Below are entries to be transcribed exactly; exclude the pictures from the copy.

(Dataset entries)
- - - - -

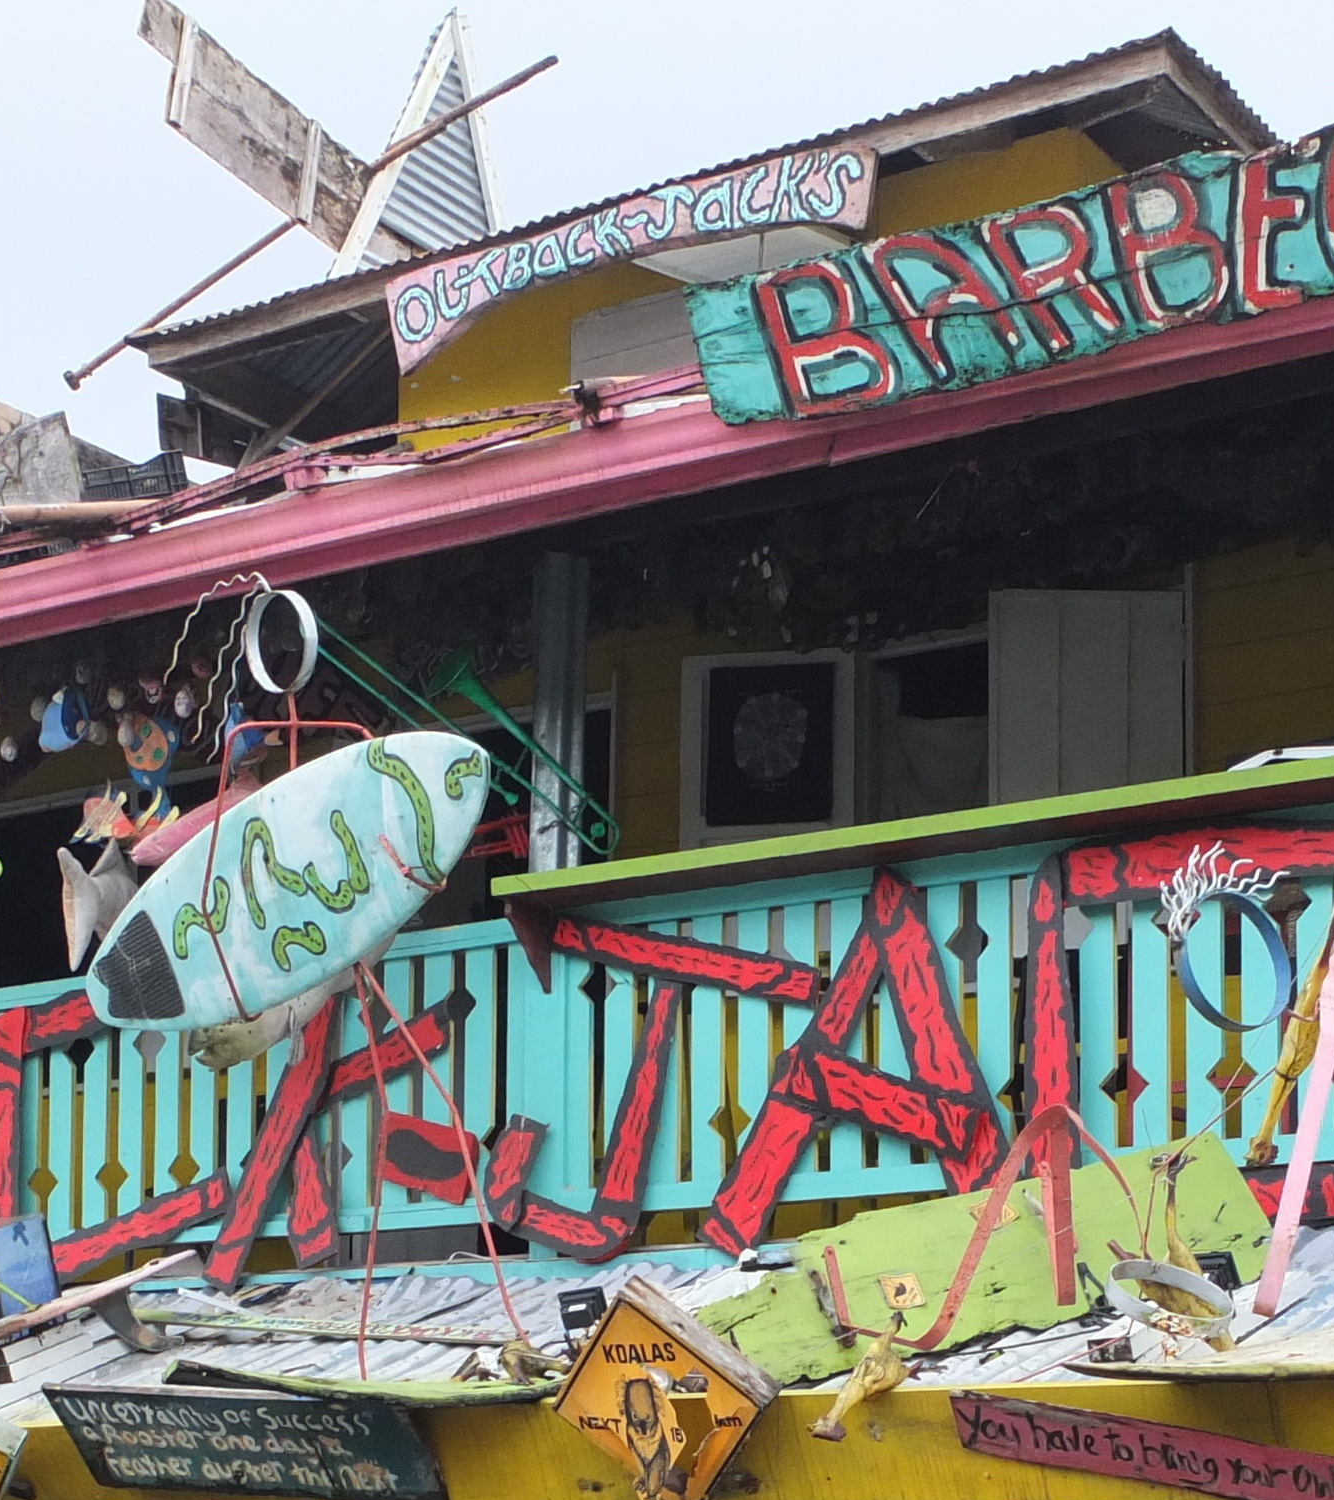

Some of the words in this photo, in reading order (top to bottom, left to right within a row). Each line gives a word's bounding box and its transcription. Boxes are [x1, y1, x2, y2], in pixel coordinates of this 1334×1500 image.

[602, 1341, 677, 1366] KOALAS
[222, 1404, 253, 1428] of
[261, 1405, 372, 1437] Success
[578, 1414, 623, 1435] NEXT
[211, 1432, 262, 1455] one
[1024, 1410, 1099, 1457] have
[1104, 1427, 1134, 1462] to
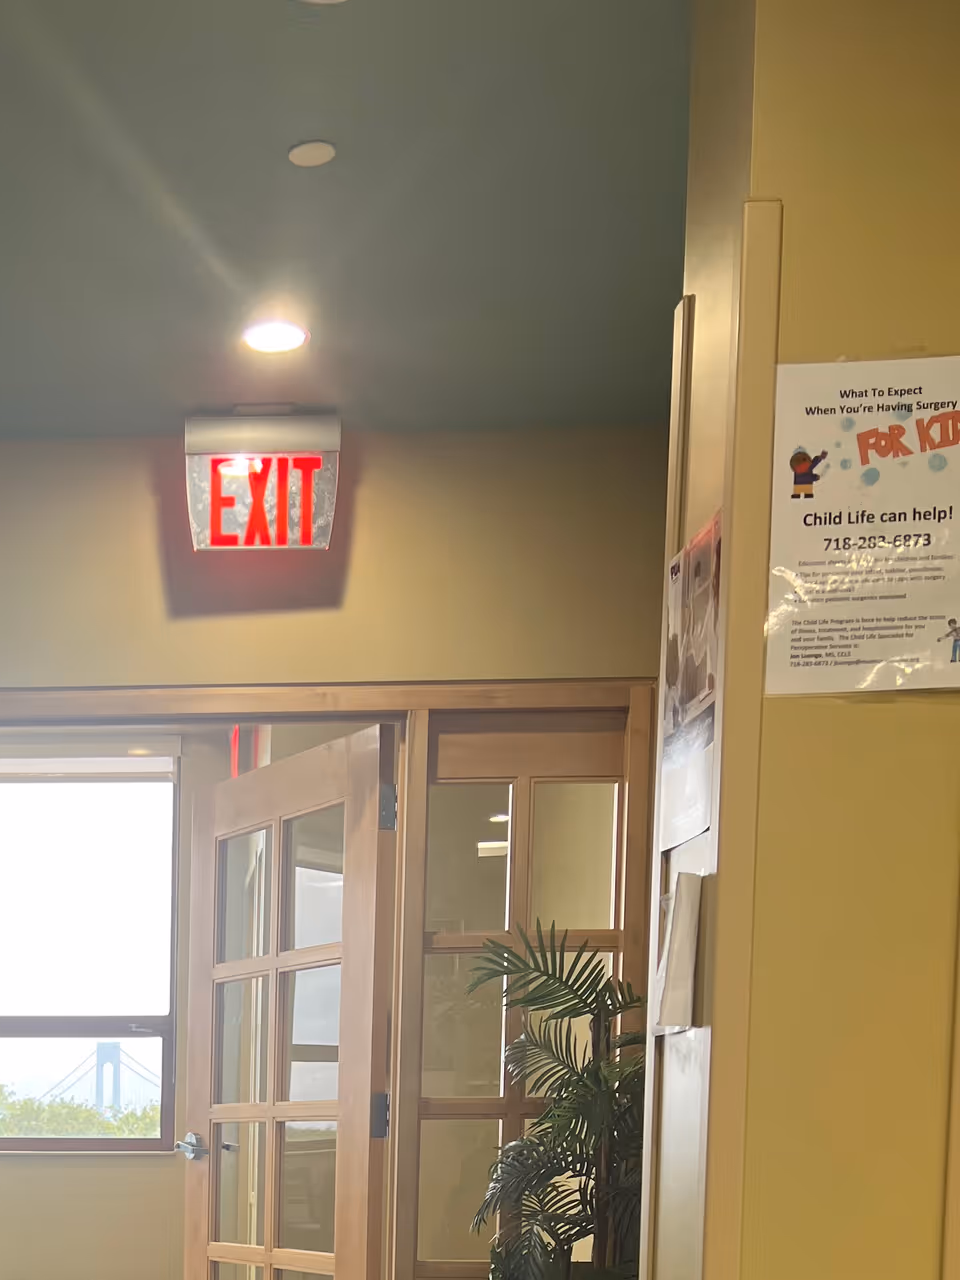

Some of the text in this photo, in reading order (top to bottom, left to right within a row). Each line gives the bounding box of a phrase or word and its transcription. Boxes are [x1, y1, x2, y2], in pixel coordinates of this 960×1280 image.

- - - - -

Written answer.
Some of the words in this photo, in reading order (top to bottom, left to right within a row). Each line gives a word's bounding box and its transcription. Boxes are [x1, y1, x2, y2], in pixel coordinates of this 1334×1500 image.

[602, 1341, 677, 1366] KOALAS
[222, 1404, 253, 1428] of
[261, 1405, 372, 1437] Success
[578, 1414, 623, 1435] NEXT
[211, 1432, 262, 1455] one
[1024, 1410, 1099, 1457] have
[1104, 1427, 1134, 1462] to

Some of the text in this photo, in reading order (top to bottom, left to right within a row). Each line gives the bounding box of a phrase or word and its transcription. Boxes are [x1, y1, x2, y2], in pixel coordinates of this 960×1280 image.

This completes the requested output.